To do: Copy each line of the data below exactly, leaving out pictures.

Dataset excerpts
..........

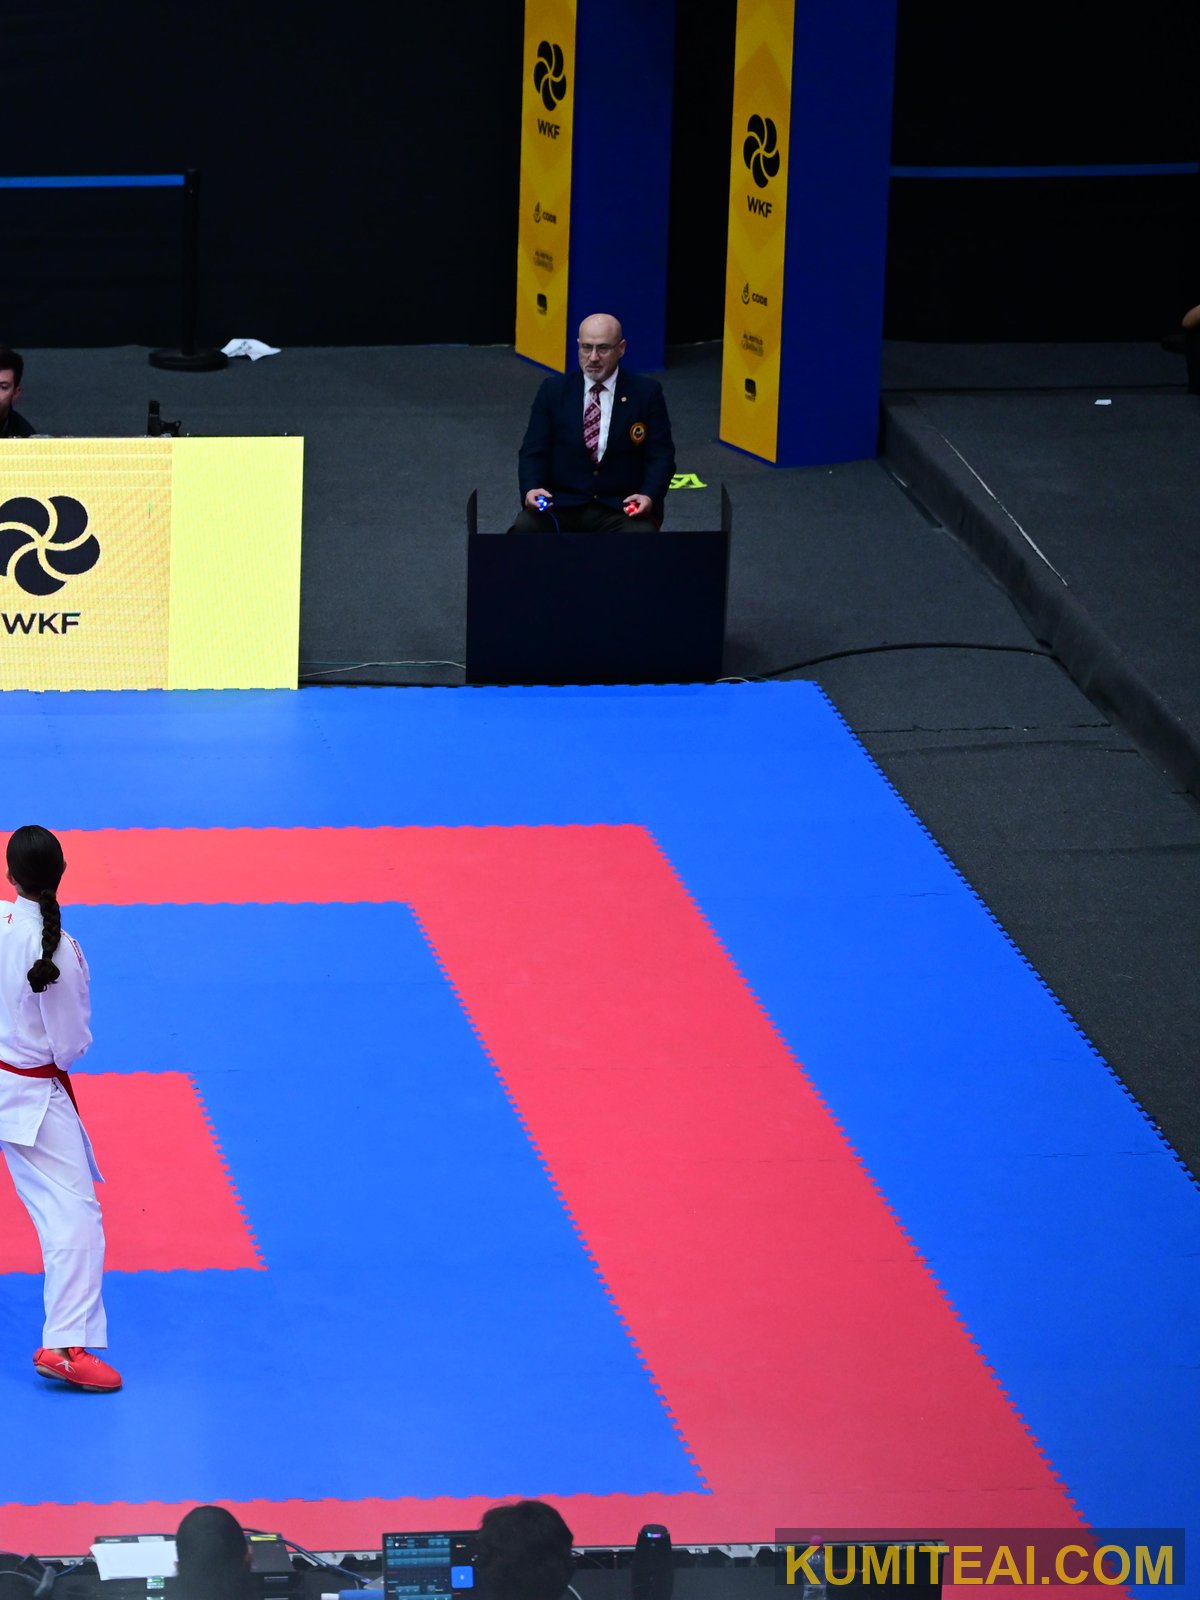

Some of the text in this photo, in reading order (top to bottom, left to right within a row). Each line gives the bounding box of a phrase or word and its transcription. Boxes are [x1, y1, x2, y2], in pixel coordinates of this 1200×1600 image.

[537, 118, 560, 140] WKF
[747, 195, 772, 218] WKF
[752, 293, 768, 306] CODE
[1, 612, 81, 635] WKF
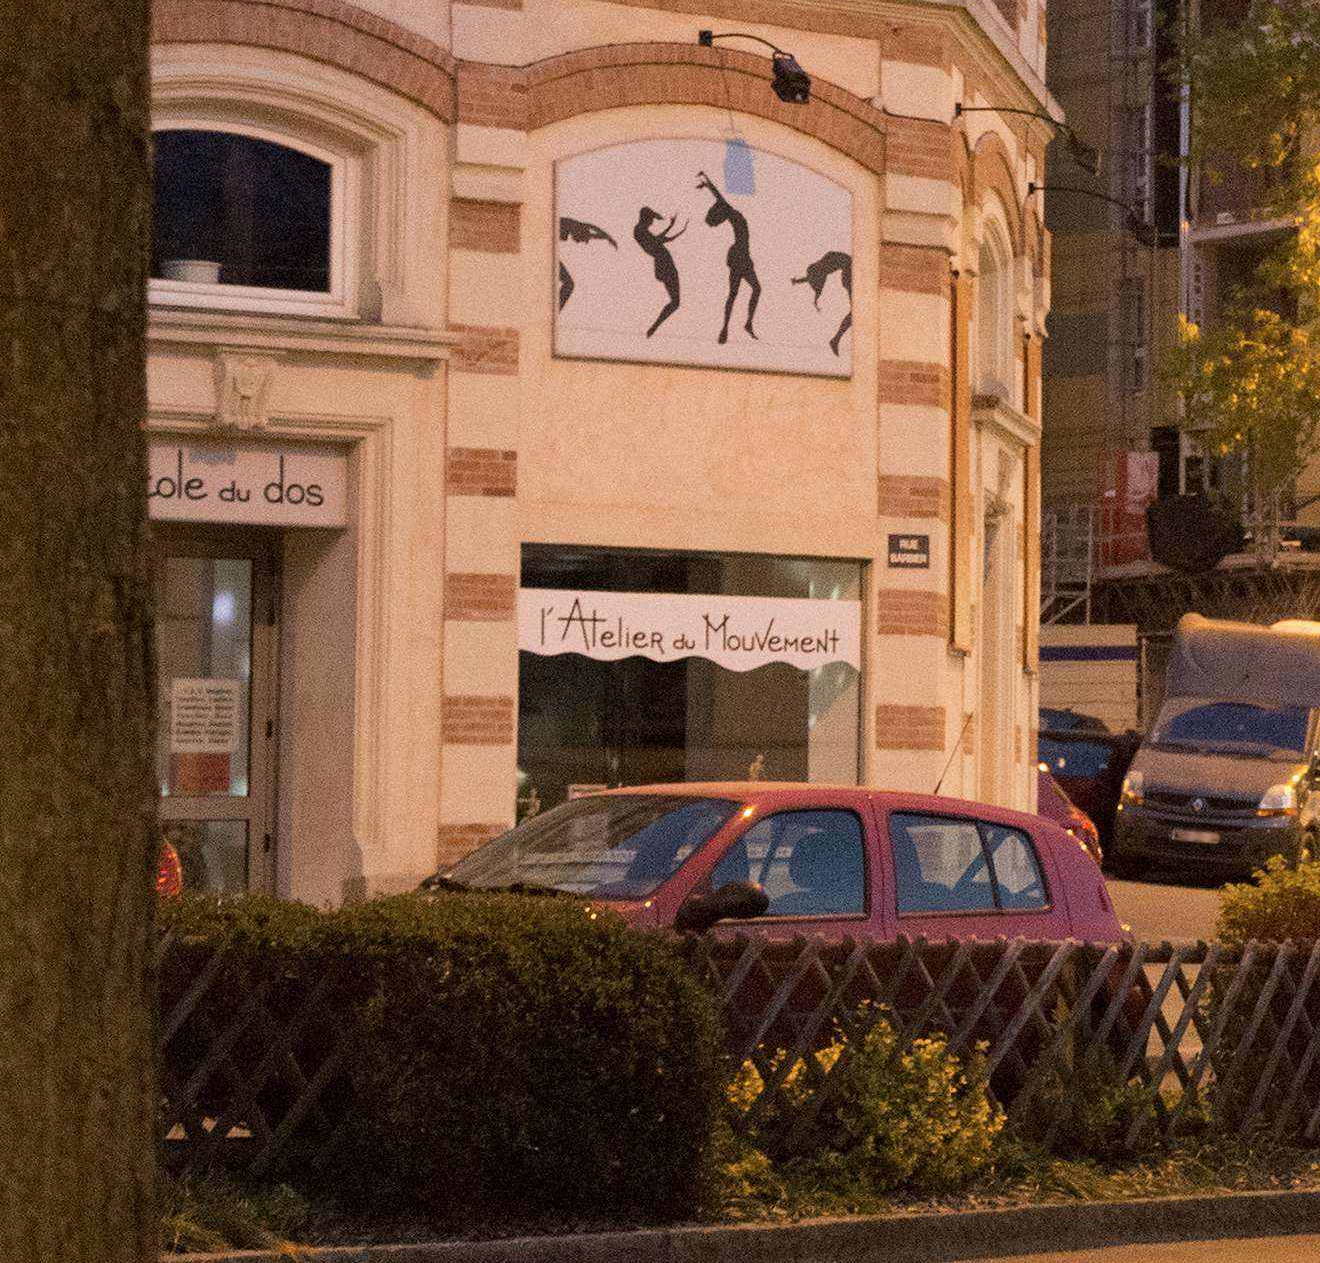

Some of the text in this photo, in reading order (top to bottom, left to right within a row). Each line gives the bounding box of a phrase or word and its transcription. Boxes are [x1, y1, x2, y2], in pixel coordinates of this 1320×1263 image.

[148, 449, 325, 506] ole du dos
[672, 630, 696, 649] du

..........

Task result:
Some of the text in this photo, in reading order (top to bottom, left to right within a row). Each line gives the bounding box of a phrase or word and its transcription. Boxes are [x1, y1, x2, y2], in pixel coordinates of this 1200×1600 image.

[537, 118, 560, 140] WKF
[747, 195, 772, 218] WKF
[752, 293, 768, 306] CODE
[1, 612, 81, 635] WKF

Some of the text in this photo, in reading order (top to bottom, left to right within a row). Each line gives the bounding box of a phrase or word and its transcription. Boxes are [x1, y1, x2, y2], in pixel coordinates of this 1320×1263 image.

[148, 449, 325, 506] ole du dos
[672, 630, 696, 649] du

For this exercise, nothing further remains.